Biological autoclave indicators
Another form of autoclave indicator makes use of biological indicators. These are standardized populations of resistant bacterial spores such as Geobacillus stearothermophilus. This bacterium comes in spore form on strips or as a suspension in prepackaged vials. This bacterial spore test is used to determine if the sterilization cycle parameters were sufficient to kill the test microorganisms. This biological indicator of sterilization success is a good one and should be done every time you autoclave. It is best to place the biological indicator in an item to be autoclaved and best if placed at the center of the load.
When should autoclave and sterilization indicators be used?
Chemical indicator tape should be used with every sterilization process to confirm that 121 °C was achieved. Although it doesn’t prove that the item is sterile, is provides a good visible input such that you know the item has been exposed to the desired heat in an autoclave. Biological indicators should be used every time you autoclave, particularly if you are generating biological waste of some type.
How are biological indicators used?
When using prepackaged vials of Geobacillus stearothermophilus, you’ll need to retrieve the vial from the item you placed it with.
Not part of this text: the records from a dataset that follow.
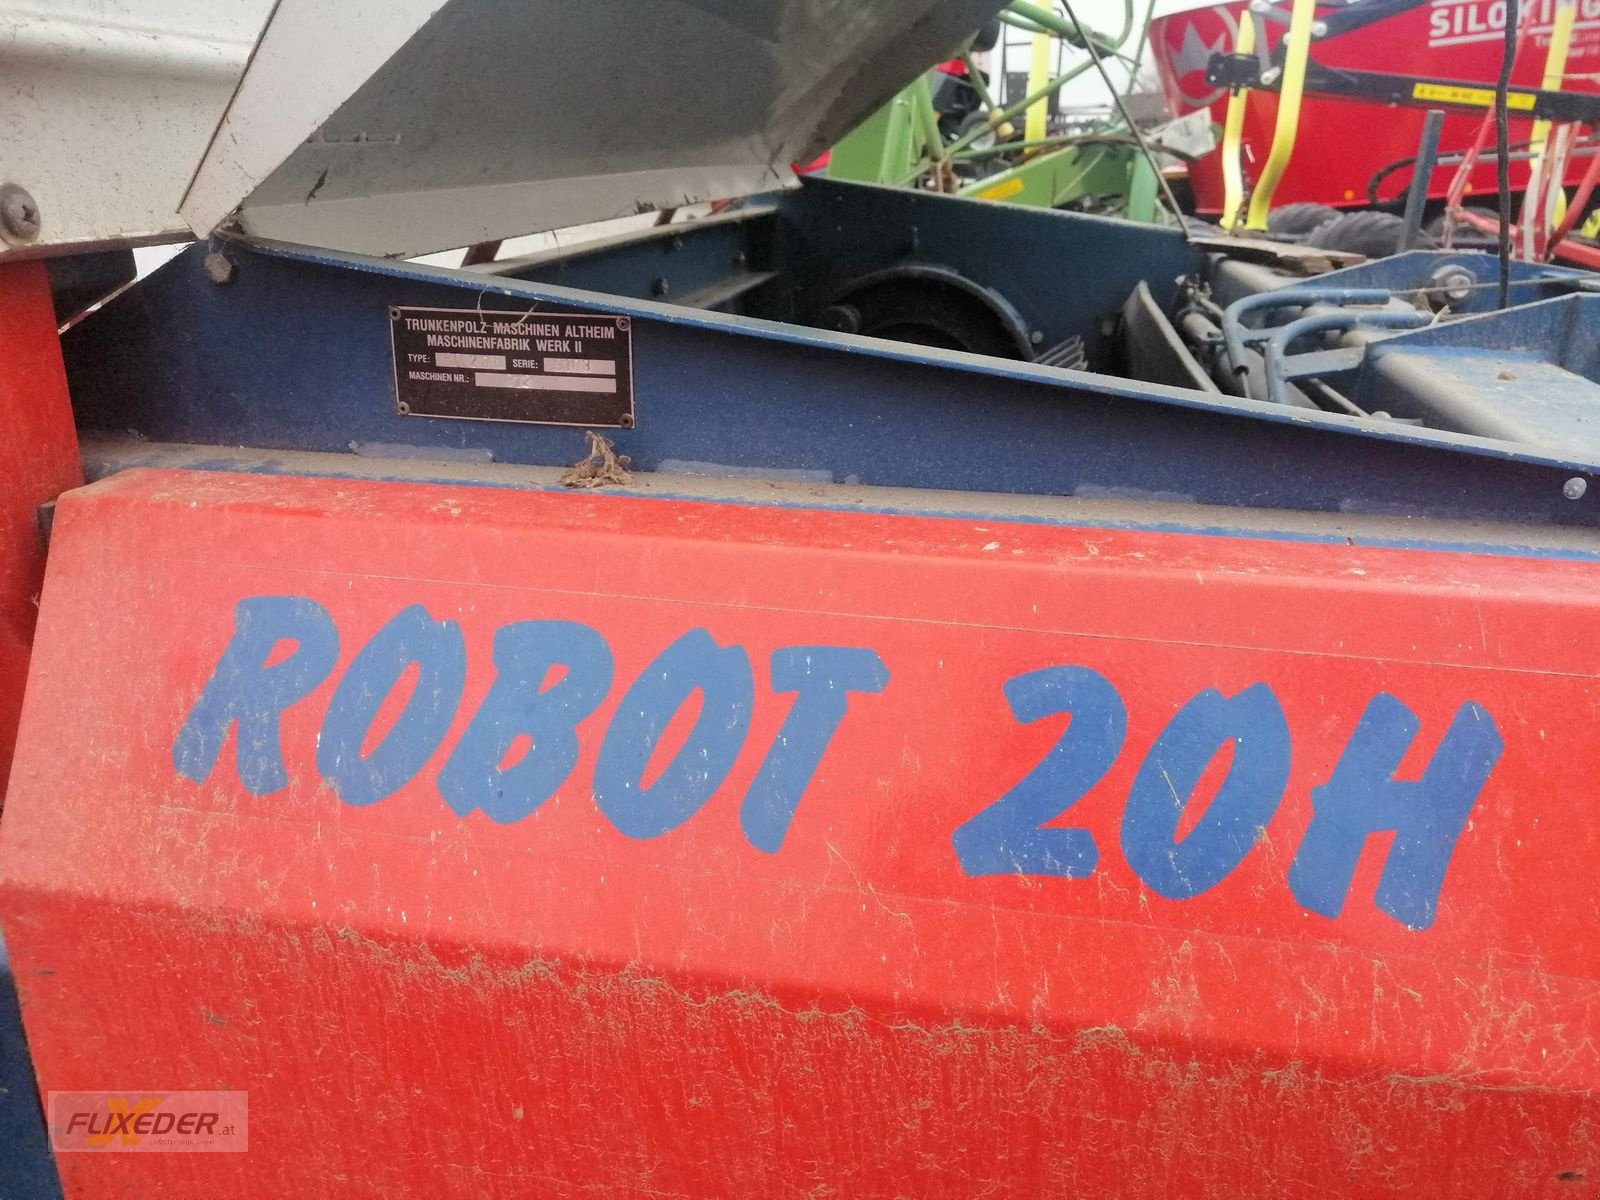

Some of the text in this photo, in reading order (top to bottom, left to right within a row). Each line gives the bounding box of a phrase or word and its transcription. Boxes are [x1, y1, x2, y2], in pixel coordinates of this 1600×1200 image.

[1429, 0, 1600, 38] SILOKIG
[405, 319, 615, 339] TRUNKENPOLZ MASCHINEN ALTHEIM
[427, 334, 582, 353] MASCHINENFABRIK WERK II
[408, 354, 430, 364] TYPE:
[512, 359, 538, 369] SERIE:
[409, 371, 453, 383] MASCHINEN
[172, 595, 1505, 931] ROBOT 20H
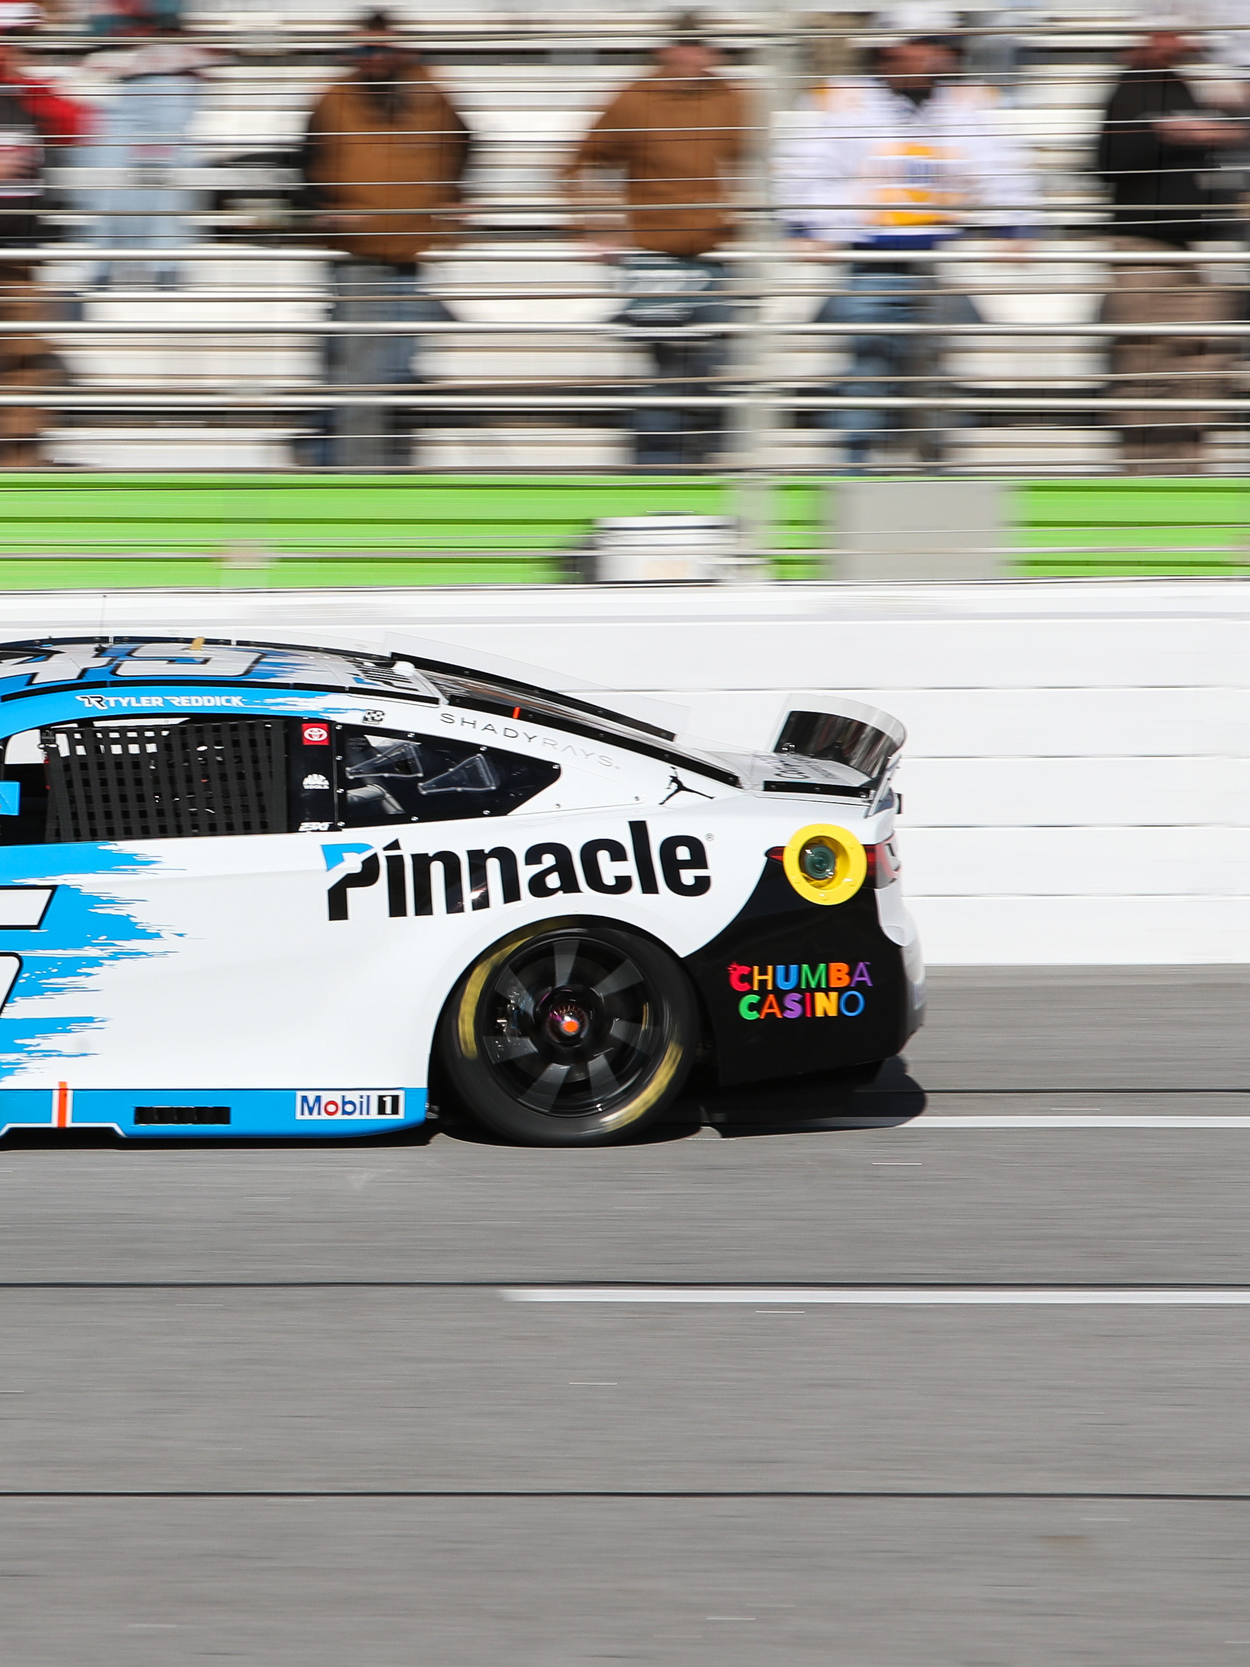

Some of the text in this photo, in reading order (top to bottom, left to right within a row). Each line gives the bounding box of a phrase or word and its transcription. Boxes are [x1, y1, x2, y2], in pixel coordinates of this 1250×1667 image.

[106, 696, 165, 707] TYLER
[164, 695, 245, 707] REDDICK
[321, 820, 711, 921] Pinnacle
[727, 961, 873, 992] CHUMBA
[738, 990, 865, 1020] CASINO
[300, 1094, 394, 1116] Mobil 1
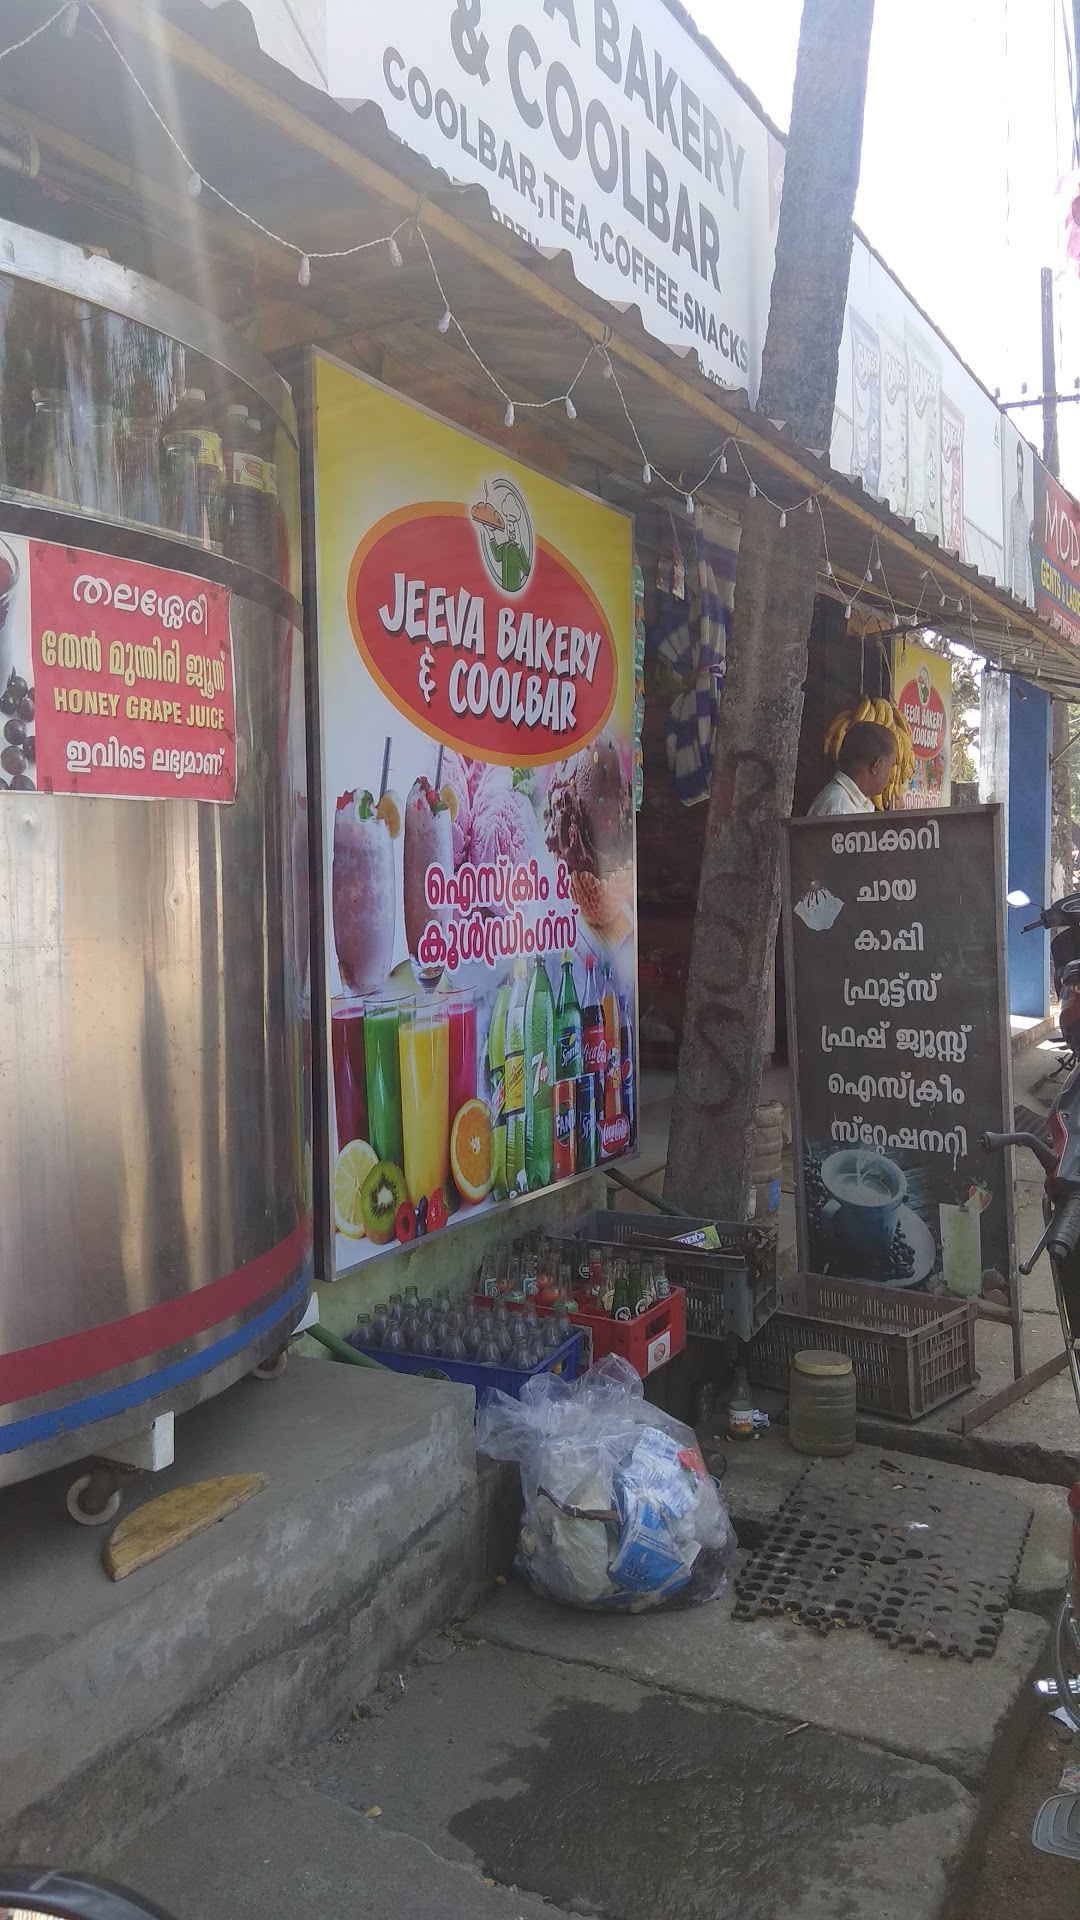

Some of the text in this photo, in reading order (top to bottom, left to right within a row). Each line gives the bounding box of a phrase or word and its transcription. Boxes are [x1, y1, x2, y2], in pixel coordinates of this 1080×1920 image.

Often attaching a string to the vial will help you remove the vial with ease.
The vial will be hot and under pressure so wait for it to cool for about 10 minutes. Crush the viral in the tool that is provided by the manufacturer. Incubate the spore tube and a positive control tube (bacterial vial that hasn’t been autoclaved) in an incubator at 55 °C for the amount of time suggested by the manufacturer. When incubation is complete, check the original autoclaved vial for a color change. If the spores have been deactivated, there should be no color change. If the original autoclaved vial changes color or the liquid becomes cloudy, this indicates that the autoclaving failed and you have bacterial growth. If the control vial does not go through a color change, that means that the control vial was not viable to begin with.